**Work order**
A full, word-for-word copy of the listing below is needed; leave the images out of it.

>>>

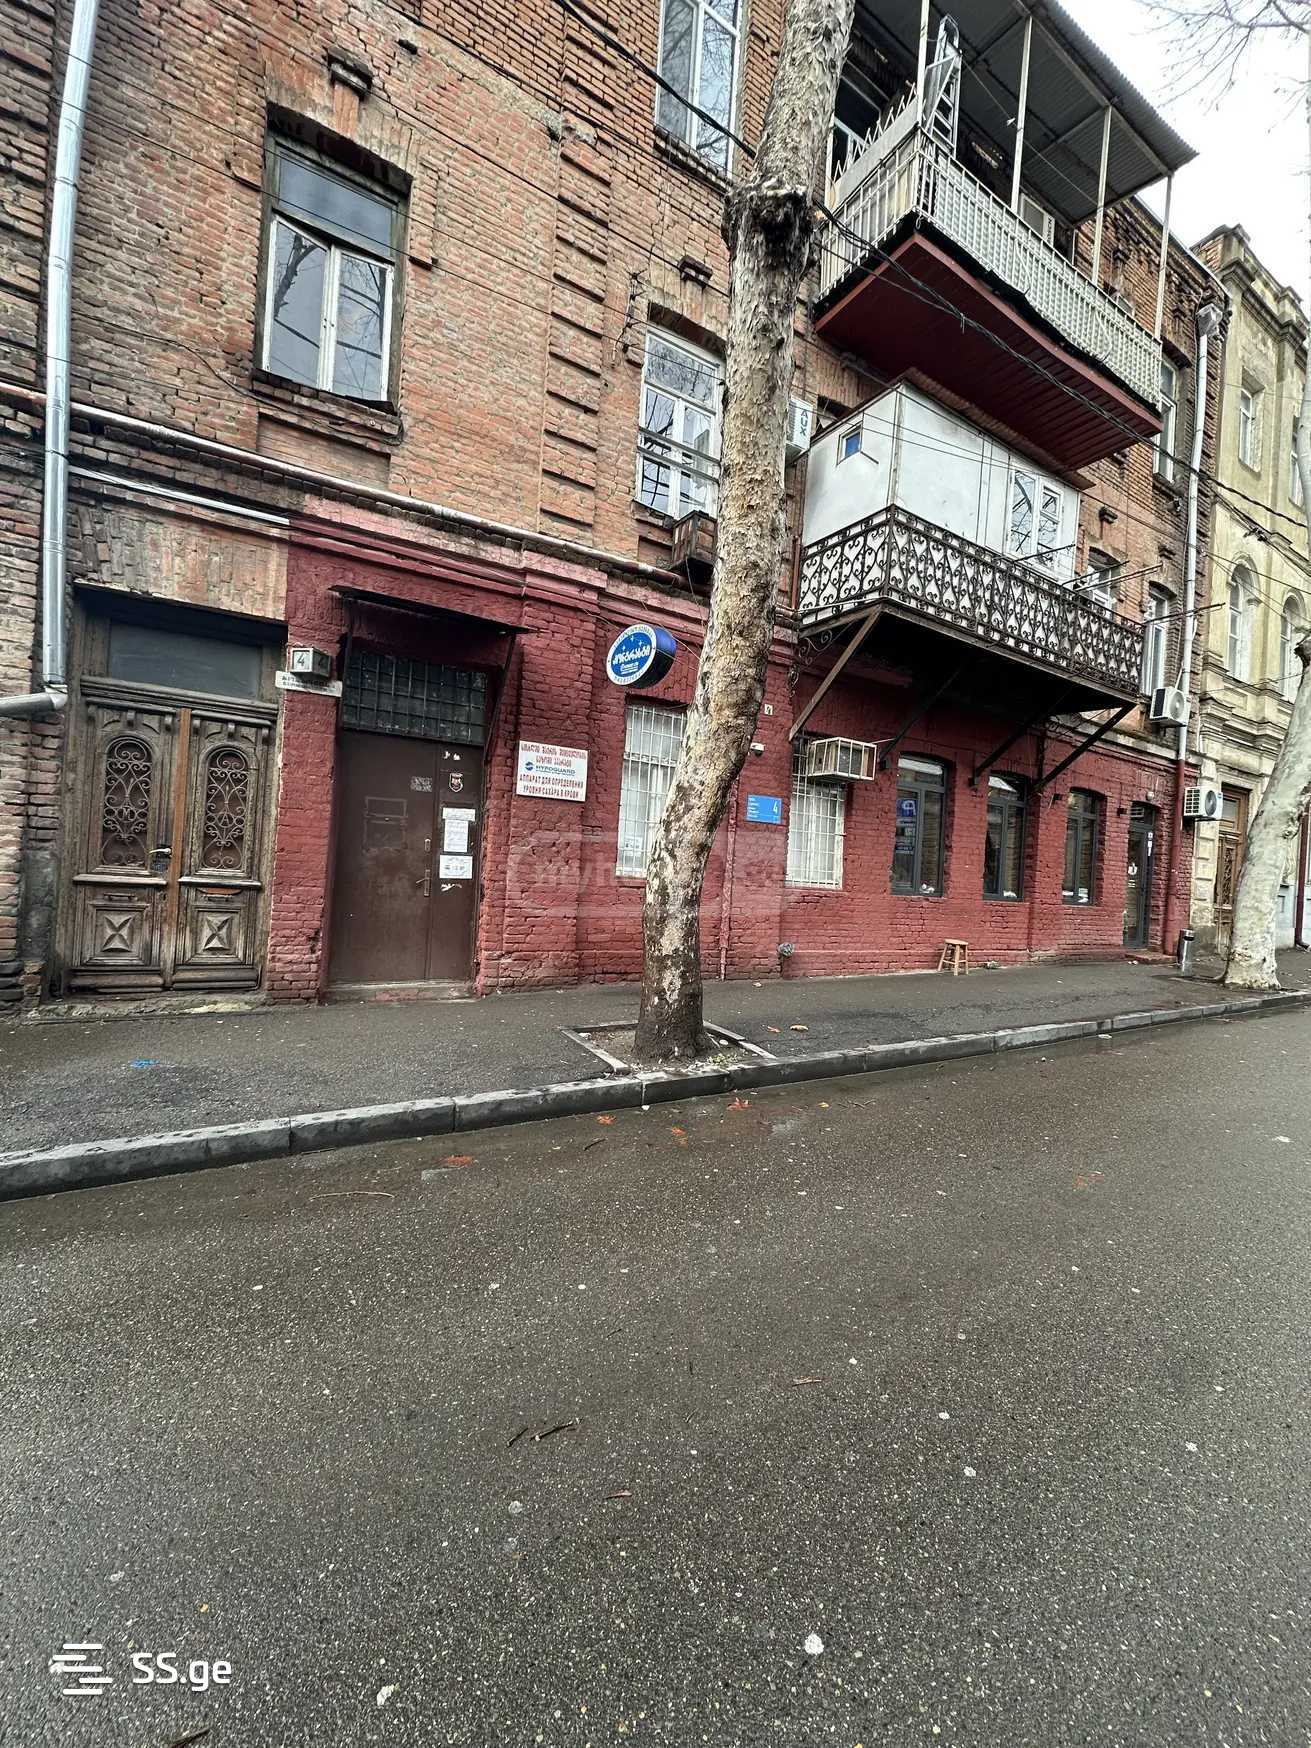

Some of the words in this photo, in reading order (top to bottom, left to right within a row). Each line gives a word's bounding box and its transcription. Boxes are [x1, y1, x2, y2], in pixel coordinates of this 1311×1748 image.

[800, 410, 808, 436] AUX
[297, 652, 305, 667] 4
[519, 774, 541, 783] АППАРАТ
[523, 785, 542, 795] УРОВНЯ
[542, 786, 560, 796] САХАРА
[564, 789, 579, 798] КРОВИ
[773, 800, 779, 815] 4

<<<

**Response**
Some of the words in this photo, in reading order (top to bottom, left to right within a row). Each line gives a word's bounding box and its transcription. Boxes are [x1, y1, x2, y2], in pixel coordinates of this 1311×1748 image.

[800, 410, 808, 436] AUX
[297, 652, 305, 667] 4
[519, 774, 541, 783] АППАРАТ
[523, 785, 542, 795] УРОВНЯ
[542, 786, 560, 796] САХАРА
[564, 789, 579, 798] КРОВИ
[773, 800, 779, 815] 4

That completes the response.